Supplied entries:

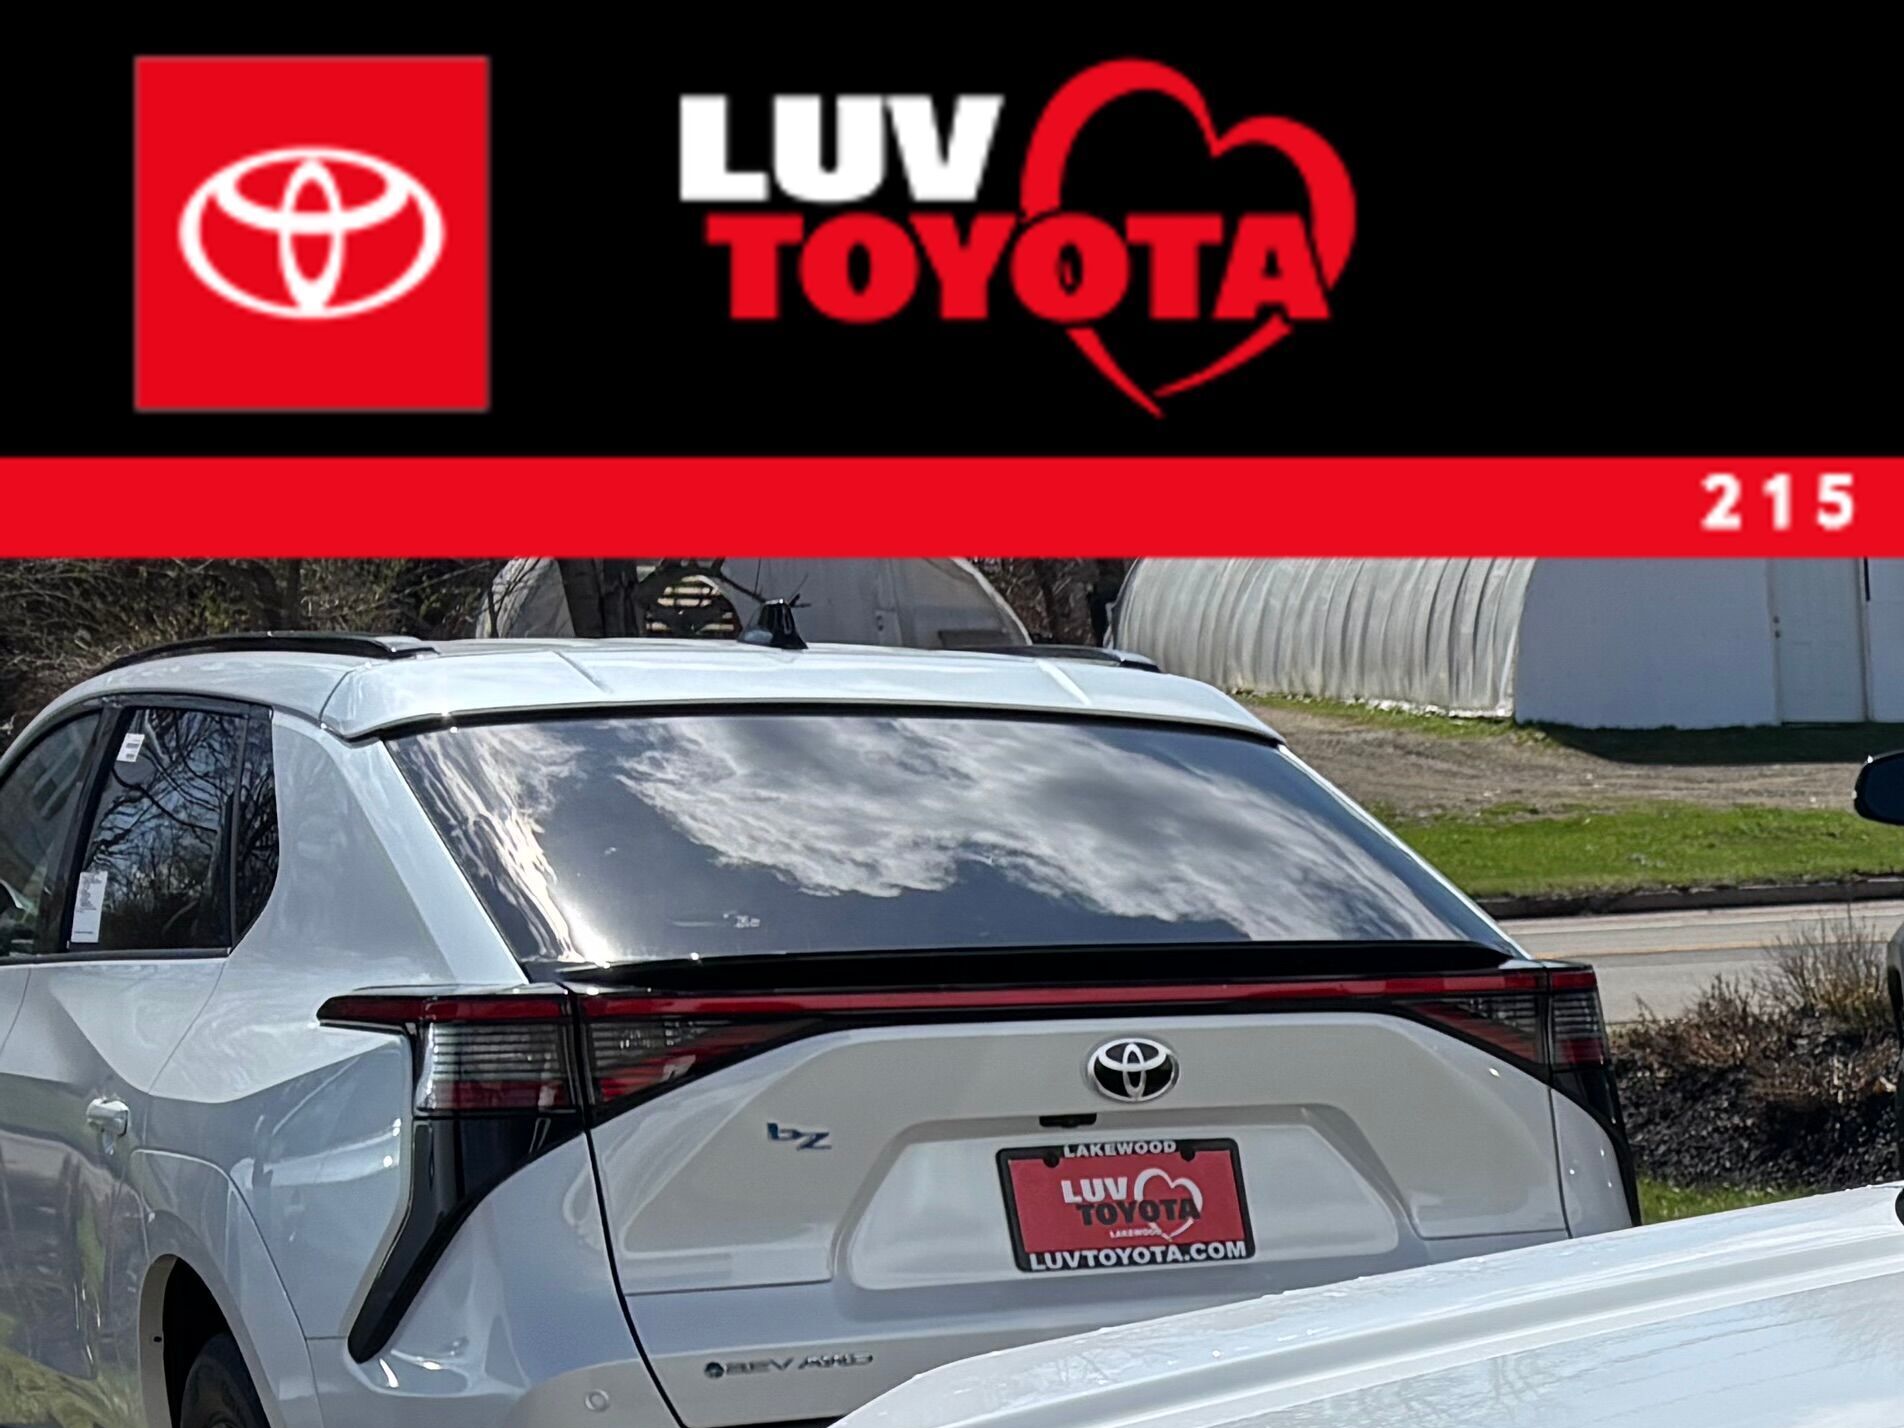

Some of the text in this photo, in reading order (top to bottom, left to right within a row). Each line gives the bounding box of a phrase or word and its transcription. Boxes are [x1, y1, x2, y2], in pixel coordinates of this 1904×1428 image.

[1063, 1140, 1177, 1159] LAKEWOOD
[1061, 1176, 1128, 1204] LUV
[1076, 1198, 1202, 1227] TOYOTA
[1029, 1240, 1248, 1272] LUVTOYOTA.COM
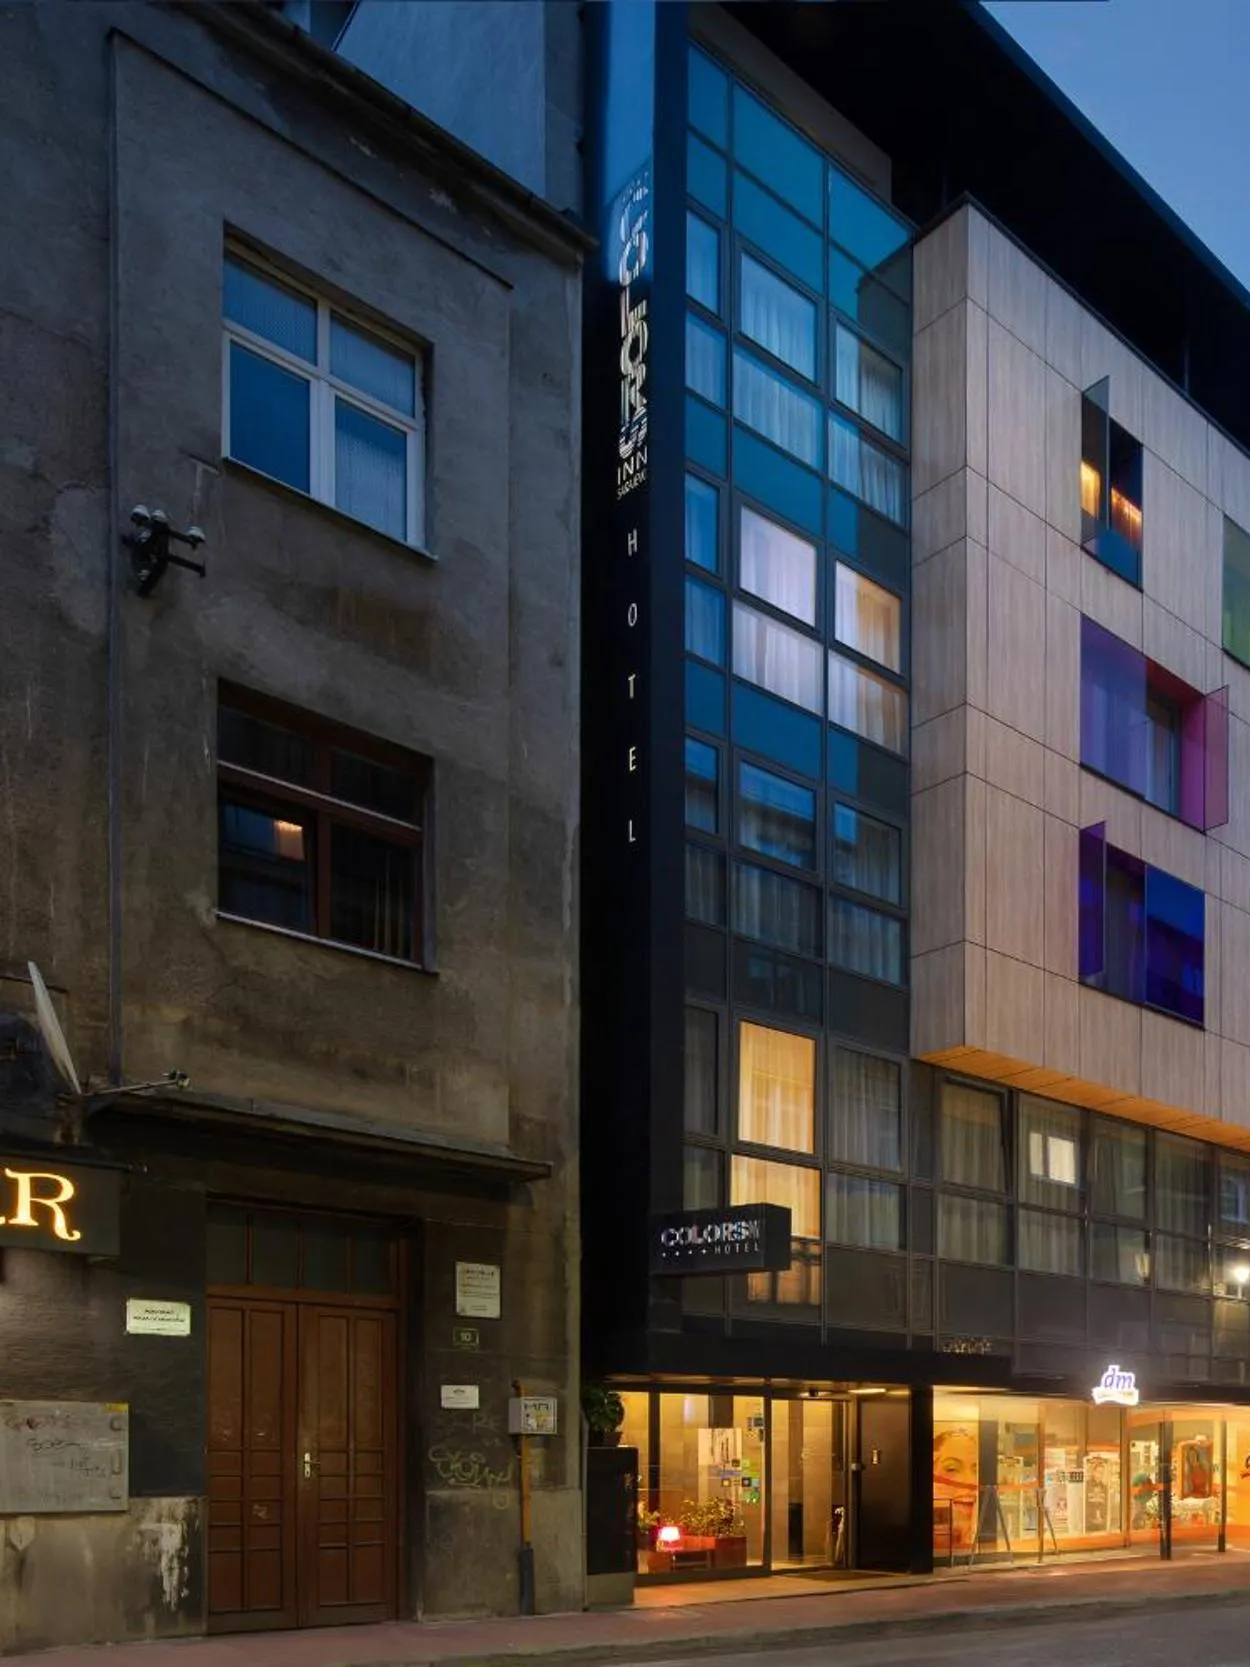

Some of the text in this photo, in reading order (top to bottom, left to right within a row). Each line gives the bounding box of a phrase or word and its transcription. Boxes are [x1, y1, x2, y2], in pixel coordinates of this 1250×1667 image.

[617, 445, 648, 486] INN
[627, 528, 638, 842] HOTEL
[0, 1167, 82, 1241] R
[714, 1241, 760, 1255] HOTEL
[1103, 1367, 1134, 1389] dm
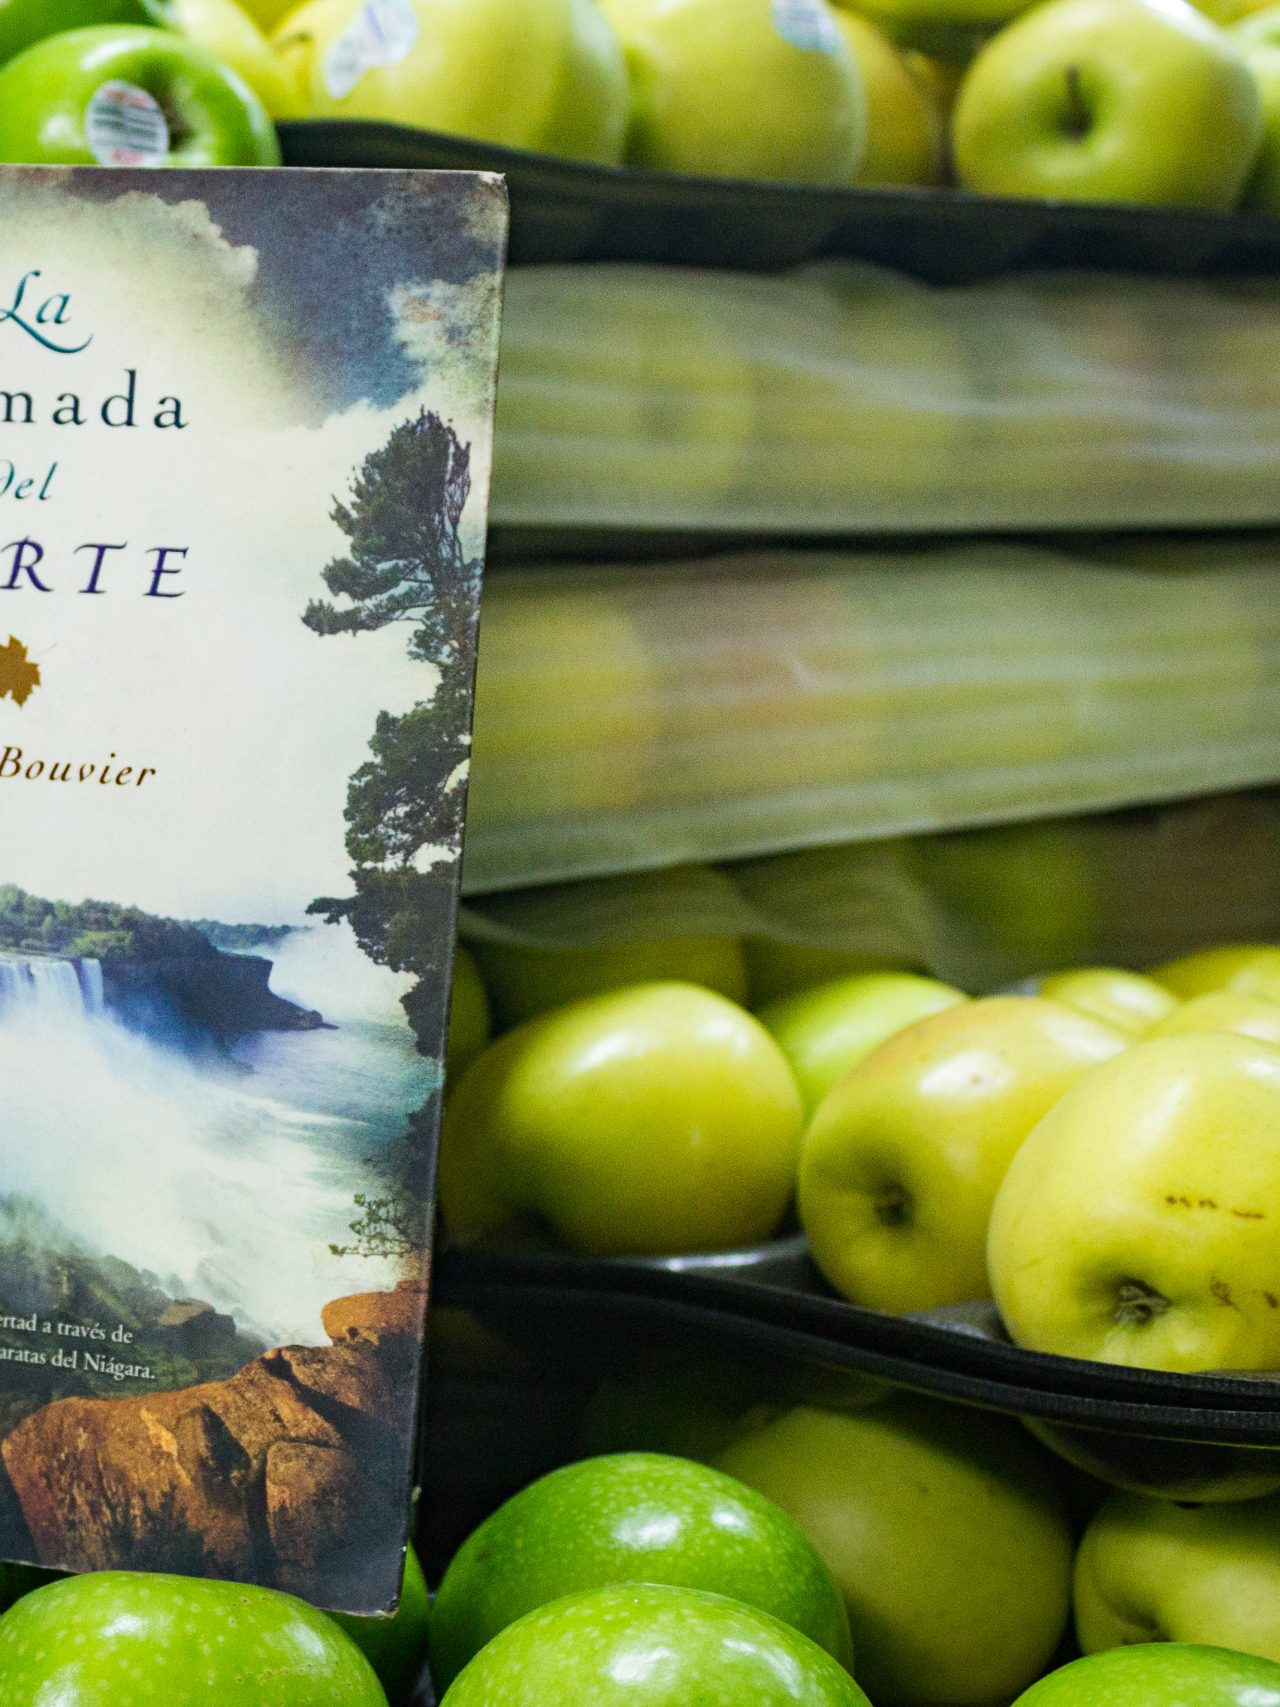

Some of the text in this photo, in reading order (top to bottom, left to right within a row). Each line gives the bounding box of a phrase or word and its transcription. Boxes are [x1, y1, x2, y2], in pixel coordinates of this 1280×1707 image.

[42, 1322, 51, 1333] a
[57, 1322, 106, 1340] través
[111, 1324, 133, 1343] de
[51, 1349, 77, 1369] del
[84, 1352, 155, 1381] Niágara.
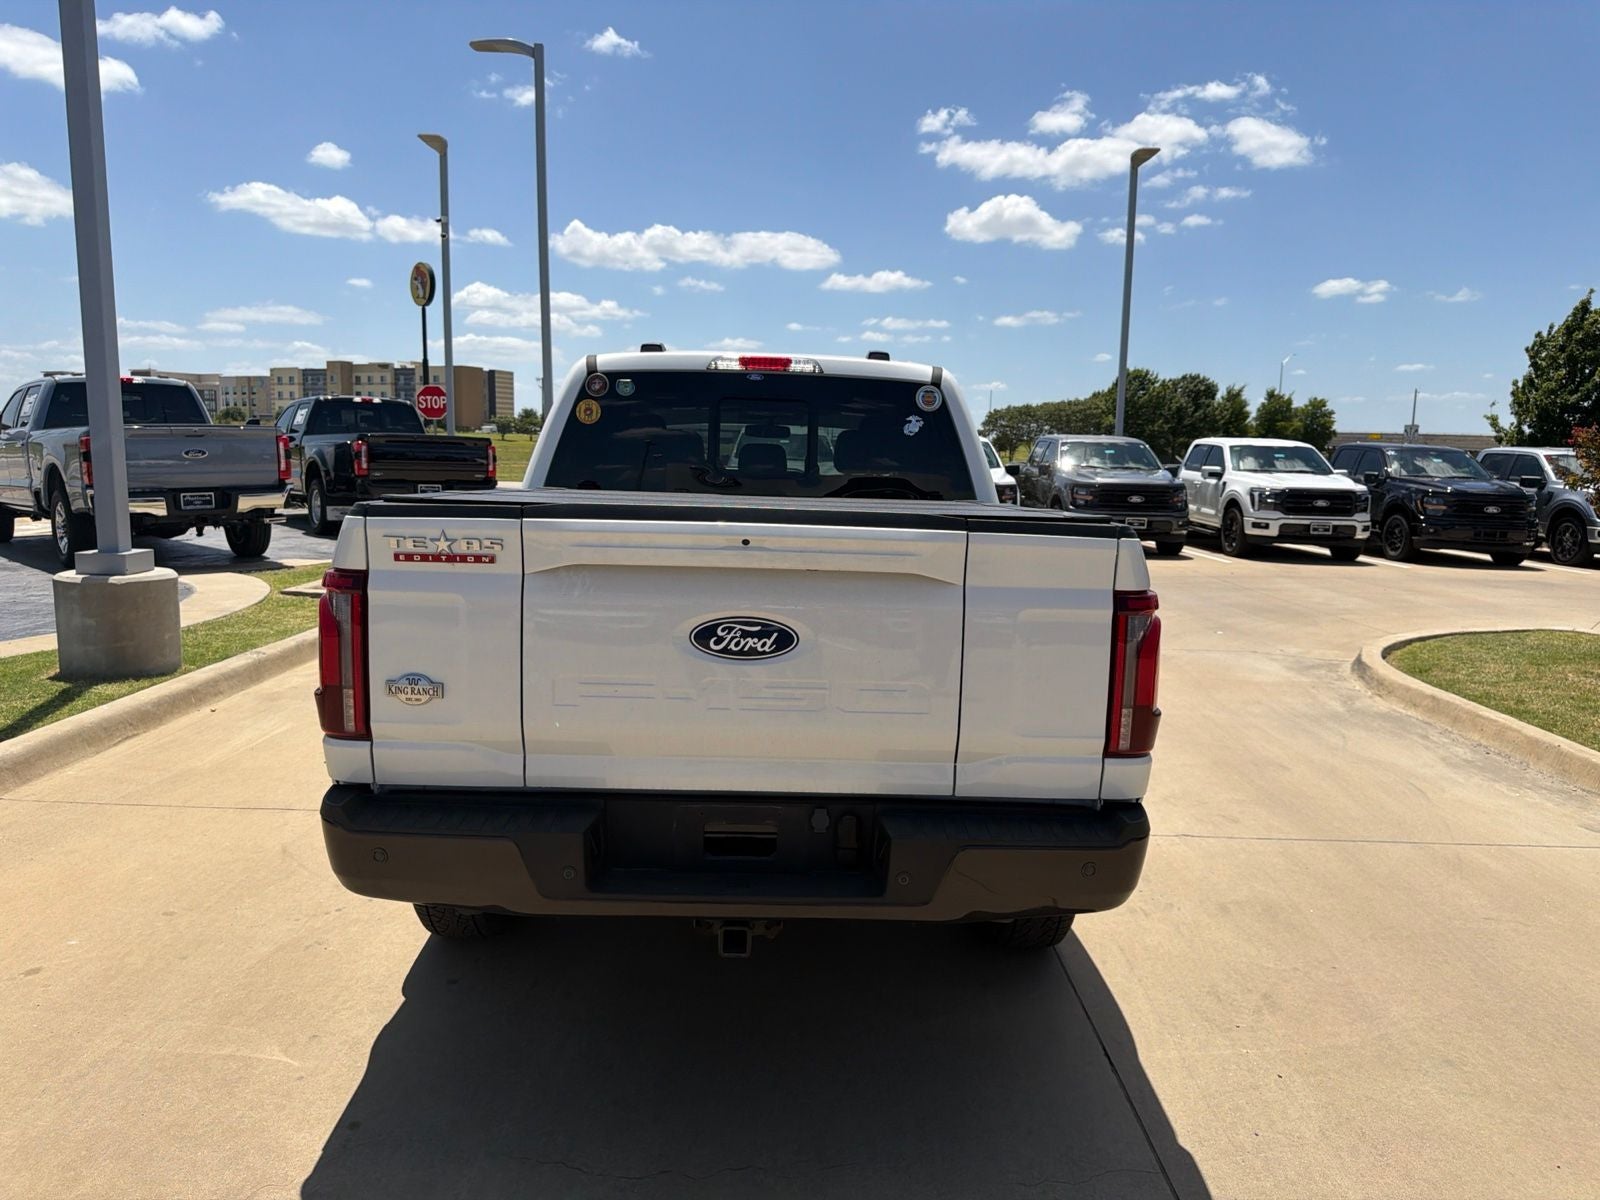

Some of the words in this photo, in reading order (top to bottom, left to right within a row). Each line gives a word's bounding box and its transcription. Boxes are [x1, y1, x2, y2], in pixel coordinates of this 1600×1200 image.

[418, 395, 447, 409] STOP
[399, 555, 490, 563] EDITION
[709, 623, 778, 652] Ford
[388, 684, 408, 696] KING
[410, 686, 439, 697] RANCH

What you need to do:
Without including any pictures, output all the entries above exactly.

Response:
Some of the text in this photo, in reading order (top to bottom, left to right within a row). Each line gives the bounding box of a phrase or word and its transcription. Boxes are [x1, y1, x2, y2], in pixel coordinates of this 1904×1428 image.

[1063, 1140, 1177, 1159] LAKEWOOD
[1061, 1176, 1128, 1204] LUV
[1076, 1198, 1202, 1227] TOYOTA
[1029, 1240, 1248, 1272] LUVTOYOTA.COM

Some of the text in this photo, in reading order (top to bottom, left to right within a row). Each line gives the bounding box of a phrase or word and its transcription. Boxes are [x1, y1, x2, y2], in pixel coordinates of this 1250×1667 image.

[617, 445, 648, 486] INN
[627, 528, 638, 842] HOTEL
[0, 1167, 82, 1241] R
[714, 1241, 760, 1255] HOTEL
[1103, 1367, 1134, 1389] dm

Some of the text in this photo, in reading order (top to bottom, left to right within a row). Each line gives the bounding box of a phrase or word and its transcription. Boxes are [x1, y1, x2, y2], in pixel coordinates of this 1280×1707 image.

[42, 1322, 51, 1333] a
[57, 1322, 106, 1340] través
[111, 1324, 133, 1343] de
[51, 1349, 77, 1369] del
[84, 1352, 155, 1381] Niágara.

Some of the words in this photo, in reading order (top to bottom, left to right within a row). Each line gives a word's bounding box and its transcription. Boxes are [x1, y1, x2, y2], in pixel coordinates of this 1600×1200 image.

[418, 395, 447, 409] STOP
[399, 555, 490, 563] EDITION
[709, 623, 778, 652] Ford
[388, 684, 408, 696] KING
[410, 686, 439, 697] RANCH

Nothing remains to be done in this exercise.